# Work to complete:
Without including any pictures, return the records below exactly as written.

# Data:

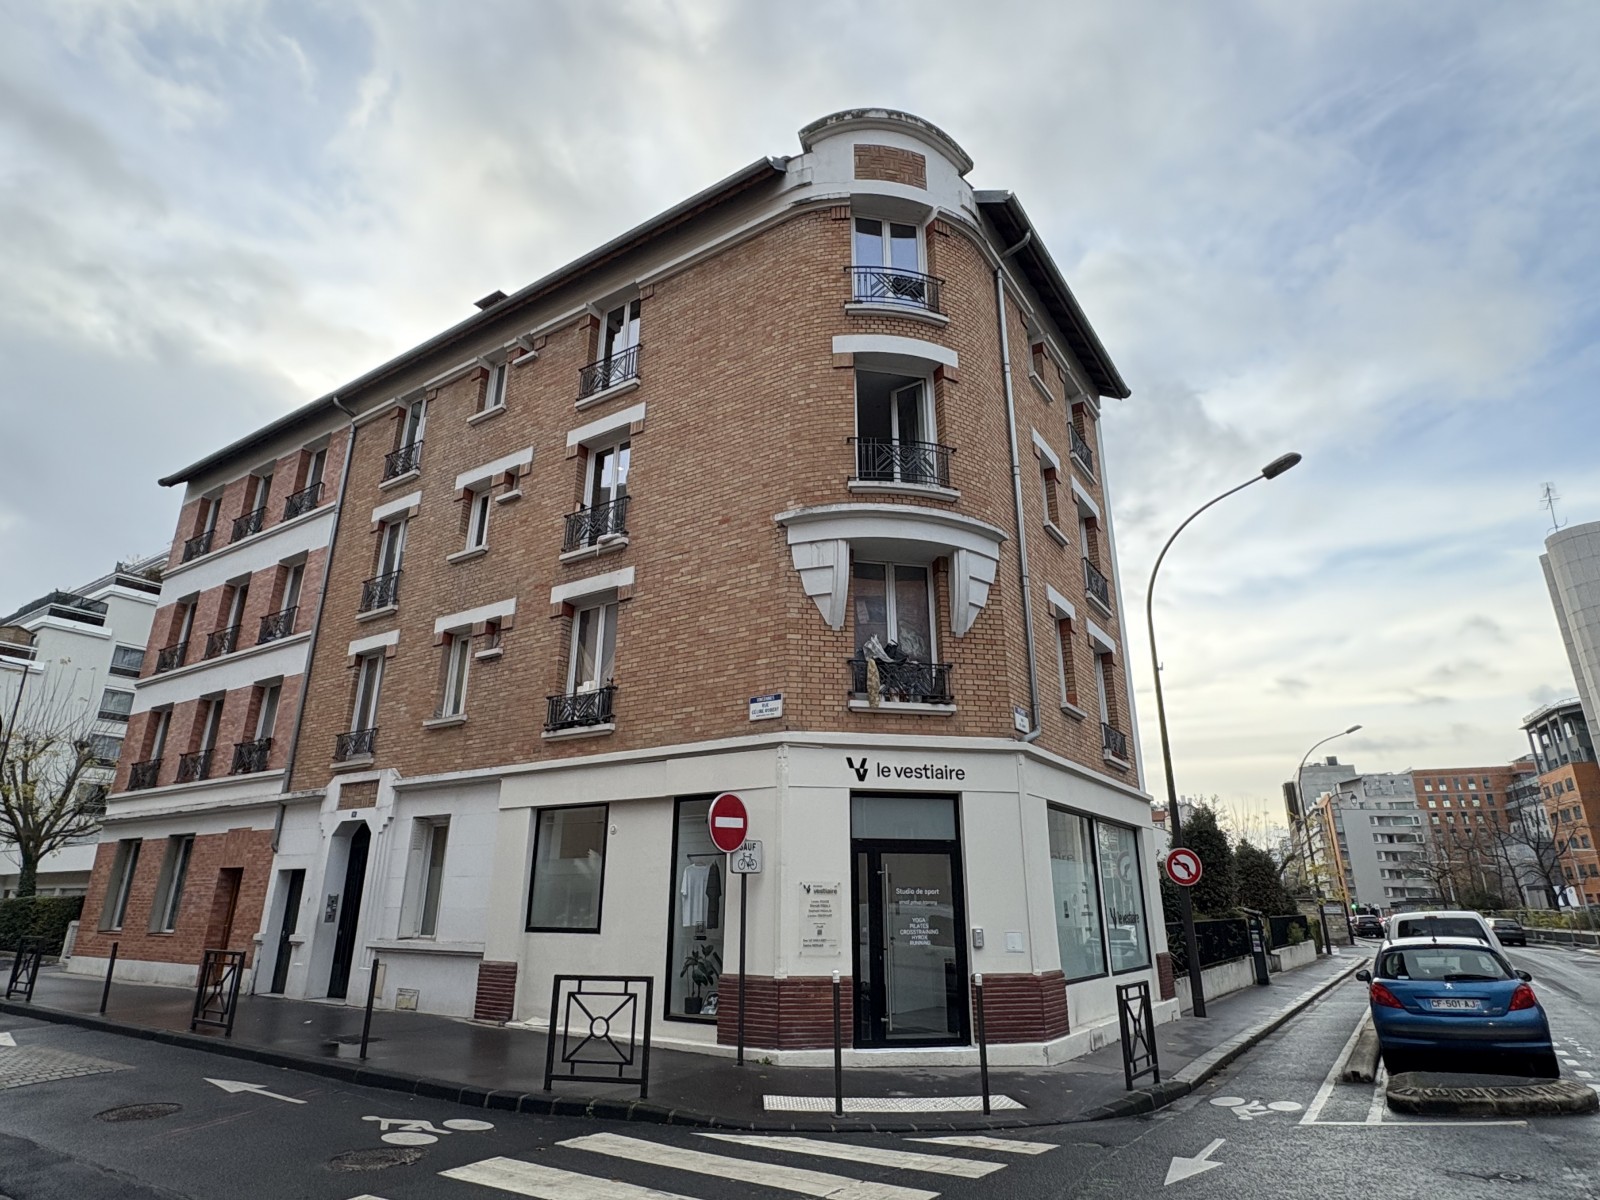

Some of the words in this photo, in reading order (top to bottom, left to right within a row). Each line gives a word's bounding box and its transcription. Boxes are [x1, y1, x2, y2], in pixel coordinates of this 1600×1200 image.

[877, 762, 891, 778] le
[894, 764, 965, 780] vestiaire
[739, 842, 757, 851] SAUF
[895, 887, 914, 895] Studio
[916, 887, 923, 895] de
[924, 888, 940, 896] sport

# Reply:
Some of the words in this photo, in reading order (top to bottom, left to right within a row). Each line gives a word's bounding box and its transcription. Boxes are [x1, y1, x2, y2], in pixel coordinates of this 1600×1200 image.

[877, 762, 891, 778] le
[894, 764, 965, 780] vestiaire
[739, 842, 757, 851] SAUF
[895, 887, 914, 895] Studio
[916, 887, 923, 895] de
[924, 888, 940, 896] sport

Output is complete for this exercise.